Le titre du recueil de Thomas Vinau, Comme un lundi, désigne le retour sans fin de la semaine et l'usure qu'il entraîne au-delà du simple lundi, dans la suite des jours. Les textes de ce livre rendent compte de cette sensation, de cette fatigue : « Le temps nous marche dessus. Sous ses semelles une nouvelle semaine. » (p.25). Cependant, le sous-titre permet de nuancer cette première idée : Carnet de bord assis tout au bord du temps. Tout en situant son écriture en plein dans l'écrasement du temps qui ressemble au « courant qui ramasse tout, qui écrase tout, qui disperse tout. » (p.13), Thomas Vinau cherche à faire un écart vis-à-vis du passage inflexible des jours. Il peut ainsi se comparer aux « insectes qui regardent ce qui se passe au fond de leurs buissons » (p.33). L'enjeu est complexe car essentiel : le poète ne cherche pas à écrire à distance de la vie et de ses « courbatures » (p.69), mais ses textes sont un pas de côté afin de ne pas subir, dans la conscience malgré tout du risque de perte qu'entraîne à un tel écart : « Ce décalage me sauve. Me condamne. » (p.33). Un livre alors, et ce livre en particulier, doit pouvoir à la fois nous faire tenir face à la vie et nous y ramener, nous y ancrer. Ainsi, il faudrait, pour reprendre les mots de l'auteur, non pas écrire un livre mais allumer un livre (p.34) comme un feu nous éclaire et nous réchauffe.
Chaque prose du livre note alors ce qui, du quotidien modeste, éveille et fait respirer. Il n'y a rien de monotone à cela, tout au contraire puisqu'il est question d'exprimer, de partager ce qui prend et donne vie fragilement : « Chaque petite lumière. Chaque matin, à l'aube, refaire les premiers pas. Les petits. Les meilleurs. Dans l'eau fraîche des commencements. Mi-titubant, mi-dansant. » (p.53). Pour revenir au titre : entendons aussi, à travers le retour de l'identique, cette voix vive des « commencements ». Celle-ci se trouve autant dans une lumière (p.21, 46), une odeur (p.22, 63), une musique (p.36, 53), un sentiment de tendresse amoureuse (p.39) ou paternelle (p.40) que dans la présence anodine de deux pigeons (p.47) ou encore dans le geste banal d'ouvrir un vieux pot de confiture et un regard sur son passé (p.105)... Tout et rien, comme peuvent bien le dire les listes rassemblant les « miettes » qui font notre regard quotidien et auxquelles on s'attache, desquelles on fait notre vie :
« Il faut y aller mollo, en s'accrochant aux choses simples, en nommant la proximité. Grincement du volet vert. Froid par les chevilles. Jour sur lequel on ne peut pas compter. Chien louvoyant. Miettes sur la table. Pot de confiture vide. Café très noir, très chaud. » (p.14)

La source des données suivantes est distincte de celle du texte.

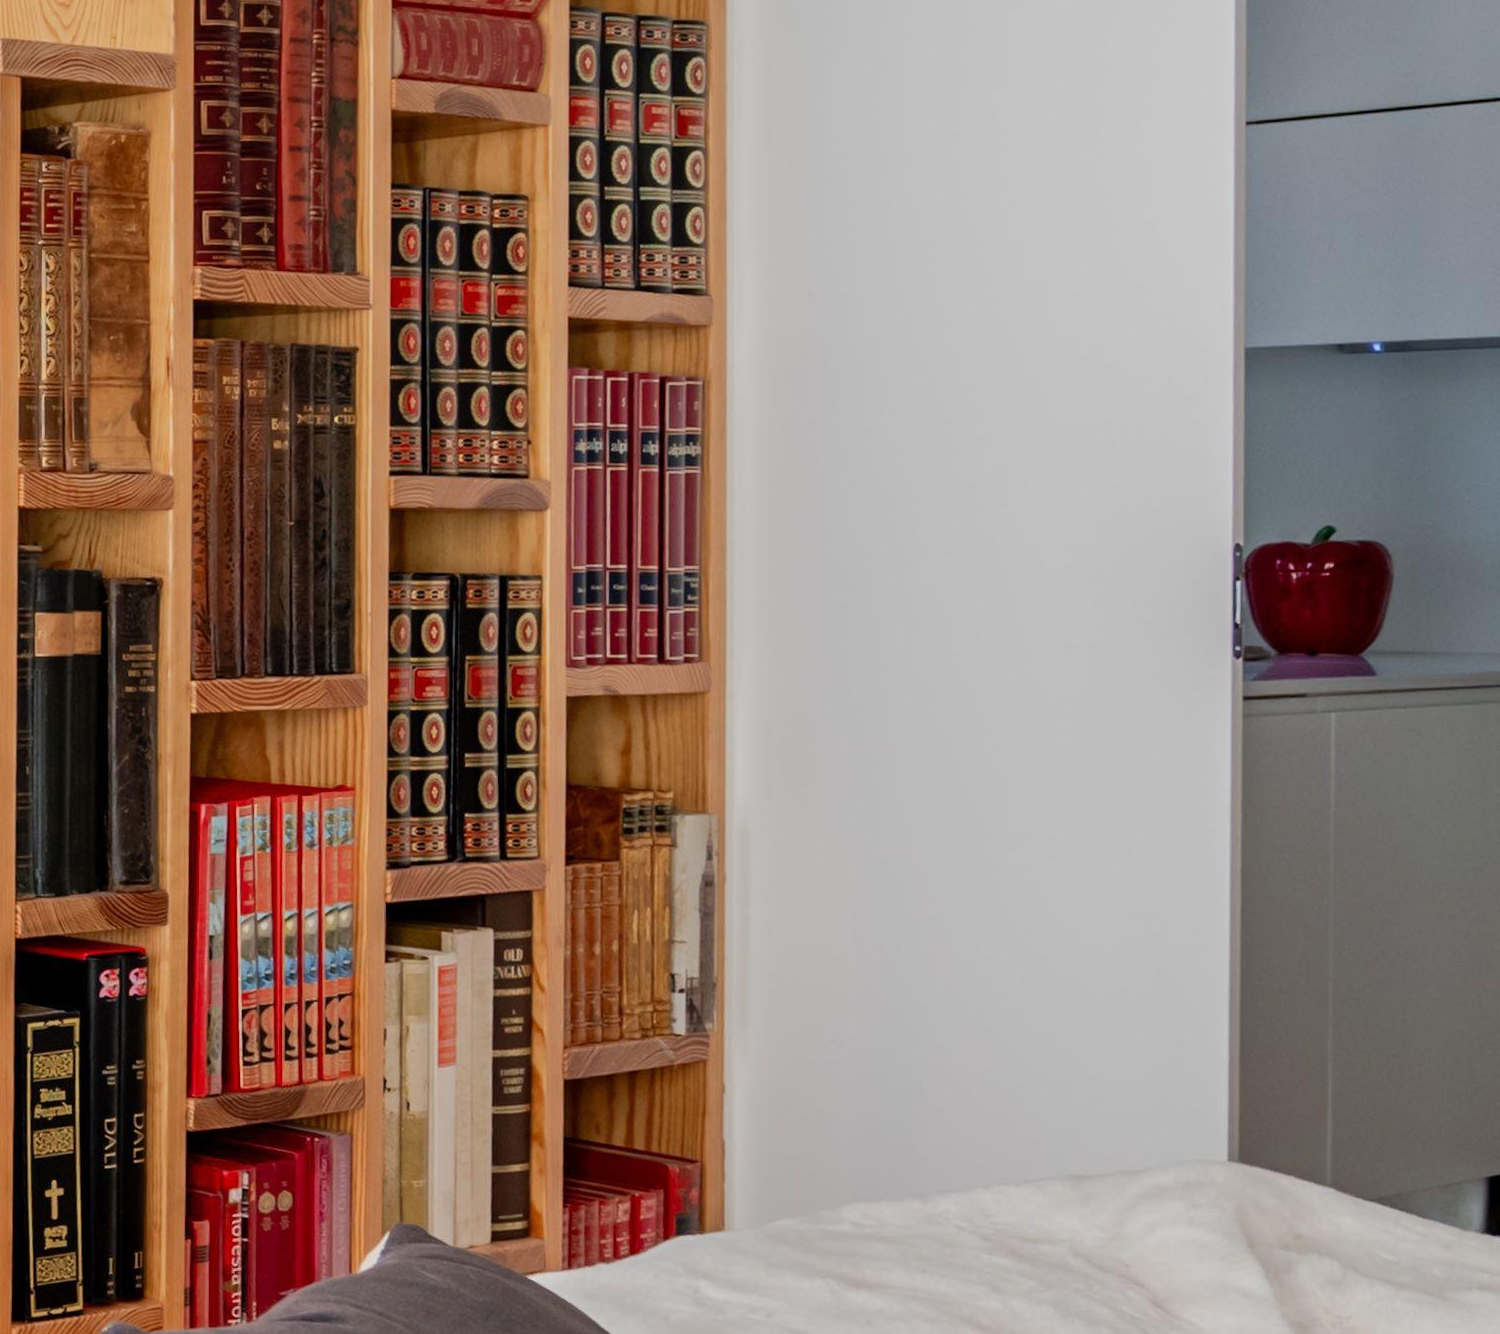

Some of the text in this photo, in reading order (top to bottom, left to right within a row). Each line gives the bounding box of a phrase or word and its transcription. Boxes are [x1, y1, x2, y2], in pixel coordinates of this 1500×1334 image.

Mais avant tout, ainsi nommer ce qui nous anime, si petit que cela puisse être, c'est, selon Thomas Vinau, faire acte moins d'écriture que d'amour : « Je voudrais juste en garder quelque chose. Quelque chose de vivant. Autre chose que la conscience que j'en ai. Autre chose que la peur de le perdre. C'est la raison pour laquelle j'écris ces mots. Ce n'est pas de la littérature. C'est de l'amour. J'écris comme on ferme les yeux en embrassant quelqu'un. » (p.16). En cela, ce carnet de bord assis tout au bord du temps est aussi un carnet de résistance, au cœur de l'absurde et de la violence de notre temps (p.26), en vue de garder nos sens vifs en chacun de nos gestes et de notre prose, et ainsi ne pas se perdre : « C'est le petit radeau du jour. Il faut ramer avec ses mains. Tremper son pied dans le grand rien. Familiariser la lumière. C'est une bataille sans prestige. La seule qui vaille. Le véritable goût de l'eau. » (p. 65).
Antoine Bertot
Thomas Vinau, Comme un lundi, carnet de bord assis tout au bord du temps, La fosse aux ours, 2018, 128p., 15€.